Funny how one can be searching for months for a productive development environment that lets you build applications rapidly yet correctly, and then one fine day, it comes up and hits you between the eyes. Praise the Lord! I intend to use Grails to illustrate concepts with working code from now on. I'll blog about my experiences with Grails as I get some experience with it.

(I also liked Atlassian's byline: "Where VB is only in the fridge.")

Lee Chuk-Munn presented next on JavaDB. This is, of course, the much-renamed Cloudscape/Derby pure-Java database that takes up all of 2 MB of space and supports database sizes of up to 700 GB. It is thread-safe and therefore OK for multi-user use, but is positioned as best for use as an embedded database. Since new owner Sun has to juggle other databases like MySQL and PostgreSQL as well, I suspect that the recommendation to use JavaDB for single-user or embedded use has more to do with positioning than with the actual limitations of JavaDB. Too many capable technologies (Linux, MySQL and Tomcat, anyone?) have been unfairly treated as toys in the past for me to swallow such a recommendation.

JavaDB has stored procedures, triggers, functions, built-in XA (distributed transactions), encrypted databases, crash recovery, etc. It also supports JDBC 4.0, with autoloaded drivers, scrollable and updatable ResultSets, better support for CLOB, BLOB, ARRAY and STRUCT, chained exception handling and XML datatype support. The only enterprisey thing JavaDB lacks at the moment is replication, but a basic version is said to be coming in version 10.4.

A very neat feature of JavaDB is the ability to place an entire database inside a jar file on a USB stick for use as a read-only database.

Another neat feature is the ability to define stored procedures in Java rather than a dialect of SQL. The actual command to create the database procedure merely references the Java static method.

Lee showed us examples of how JavaScript and Java may enjoy bidirectional communication using the long-presumed-dead applet technology.

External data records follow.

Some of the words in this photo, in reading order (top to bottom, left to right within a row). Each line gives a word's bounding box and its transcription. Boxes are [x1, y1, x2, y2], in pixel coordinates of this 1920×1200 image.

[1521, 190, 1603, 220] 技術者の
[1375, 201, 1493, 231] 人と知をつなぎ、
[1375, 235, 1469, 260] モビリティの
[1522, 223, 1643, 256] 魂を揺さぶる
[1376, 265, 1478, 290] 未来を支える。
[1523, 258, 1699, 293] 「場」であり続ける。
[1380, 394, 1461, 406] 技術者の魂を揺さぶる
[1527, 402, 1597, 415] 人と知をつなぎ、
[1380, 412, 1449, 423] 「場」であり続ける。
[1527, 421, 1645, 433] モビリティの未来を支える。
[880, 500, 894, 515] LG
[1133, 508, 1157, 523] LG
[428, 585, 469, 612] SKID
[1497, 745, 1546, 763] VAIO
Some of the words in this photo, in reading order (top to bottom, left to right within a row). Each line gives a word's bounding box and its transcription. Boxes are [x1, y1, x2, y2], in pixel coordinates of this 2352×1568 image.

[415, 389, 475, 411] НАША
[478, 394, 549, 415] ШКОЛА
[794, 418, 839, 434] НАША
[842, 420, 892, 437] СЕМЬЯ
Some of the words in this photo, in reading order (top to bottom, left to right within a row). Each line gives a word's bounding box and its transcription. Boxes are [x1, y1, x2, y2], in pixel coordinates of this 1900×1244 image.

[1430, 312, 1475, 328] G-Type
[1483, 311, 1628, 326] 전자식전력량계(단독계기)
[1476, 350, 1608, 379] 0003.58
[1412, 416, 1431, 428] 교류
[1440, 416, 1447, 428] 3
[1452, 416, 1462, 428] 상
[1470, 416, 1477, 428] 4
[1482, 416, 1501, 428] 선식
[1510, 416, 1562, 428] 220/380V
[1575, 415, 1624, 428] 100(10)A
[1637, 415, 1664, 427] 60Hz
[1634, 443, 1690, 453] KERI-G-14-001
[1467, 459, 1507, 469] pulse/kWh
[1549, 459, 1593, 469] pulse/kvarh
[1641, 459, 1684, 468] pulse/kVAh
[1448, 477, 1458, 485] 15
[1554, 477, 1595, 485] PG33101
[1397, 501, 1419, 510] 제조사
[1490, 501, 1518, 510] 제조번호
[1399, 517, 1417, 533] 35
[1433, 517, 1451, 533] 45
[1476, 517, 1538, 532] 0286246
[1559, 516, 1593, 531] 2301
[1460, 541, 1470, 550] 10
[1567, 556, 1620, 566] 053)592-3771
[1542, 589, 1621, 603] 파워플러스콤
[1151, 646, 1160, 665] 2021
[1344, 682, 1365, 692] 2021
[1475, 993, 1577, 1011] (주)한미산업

He also showed us Java/JavaScript code to demonstrate client-side persistence using embedded JavaDB.

JavaDB is pretty cool, when you stop to think about it. Relational database technology has been a big yawn for a few years now, but things like this make me sit up and take notice.

Carol McDonald spoke about JSF, AJAX, Woodstock, etc. I'm not terribly interested in JSF and would much rather it simply died. I'm not a big fan of web frameworks because I think all thin-client architectures follow a common design anti-pattern. My money is on SOFEA. Still, JSF is something that refuses to go away. Among the goals for the next version of JSF (2.0) is the now-common refrain "Convention over configuration".

After that were two sessions on security. They covered the usual ground, with nothing very spectacular that caught my attention.

A few tidbits from Raghavan "Rags" Srinivasan's session:
1. C14N stands for "canonicalization", the process of rendering XML documents into a common format (i.e., especially differing use of whitespace, which could otherwise play havoc with cryptographic techniques to detect tampering).
2. SAML can be used to make 3 kinds of assertions:
a) Authentication assertions ("This person (or program) is so-and-so.")
b) Attribute assertions ("This entity has the following properties.")
c) Authorisation assertion ("This principal may read data but not update it.")

OpenSSO
is Sun's identity management solution. You may download and try it.

There was another talk on SOA security from a person from a company called Layer7. This was more high-level with no code.

The contents of all lectures will be put up on the Sun Java Tech Days website anyday now.

There was an OpenSolaris Installfest going on in the registration/catering hall, and they were giving out CDs and guidebooks. I'm definitely going to try and install OpenSolaris and report on the experience.

Today marks the end of the official Sun Tech Days conference, but tomorrow is a set of community events, which also I plan to attend.

I've been invited to drop by the GlassFish booth tomorrow to discuss my difficulties with the server.